▶ [Stored items]:
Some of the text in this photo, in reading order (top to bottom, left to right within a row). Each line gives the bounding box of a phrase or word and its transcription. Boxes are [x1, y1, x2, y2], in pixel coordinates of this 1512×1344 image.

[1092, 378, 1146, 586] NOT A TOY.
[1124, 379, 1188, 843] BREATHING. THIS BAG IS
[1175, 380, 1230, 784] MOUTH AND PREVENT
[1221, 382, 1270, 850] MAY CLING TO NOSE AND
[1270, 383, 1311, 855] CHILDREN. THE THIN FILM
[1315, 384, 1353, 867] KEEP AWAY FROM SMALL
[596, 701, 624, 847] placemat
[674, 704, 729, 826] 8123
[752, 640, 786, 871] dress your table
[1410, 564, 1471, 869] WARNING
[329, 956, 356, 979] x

▶ [TASK BRIEF]: Word for word, repeat each entry shown above.

▶ [EXPECTED OUTPUT]:
Some of the text in this photo, in reading order (top to bottom, left to right within a row). Each line gives the bounding box of a phrase or word and its transcription. Boxes are [x1, y1, x2, y2], in pixel coordinates of this 1512×1344 image.

[1092, 378, 1146, 586] NOT A TOY.
[1124, 379, 1188, 843] BREATHING. THIS BAG IS
[1175, 380, 1230, 784] MOUTH AND PREVENT
[1221, 382, 1270, 850] MAY CLING TO NOSE AND
[1270, 383, 1311, 855] CHILDREN. THE THIN FILM
[1315, 384, 1353, 867] KEEP AWAY FROM SMALL
[596, 701, 624, 847] placemat
[674, 704, 729, 826] 8123
[752, 640, 786, 871] dress your table
[1410, 564, 1471, 869] WARNING
[329, 956, 356, 979] x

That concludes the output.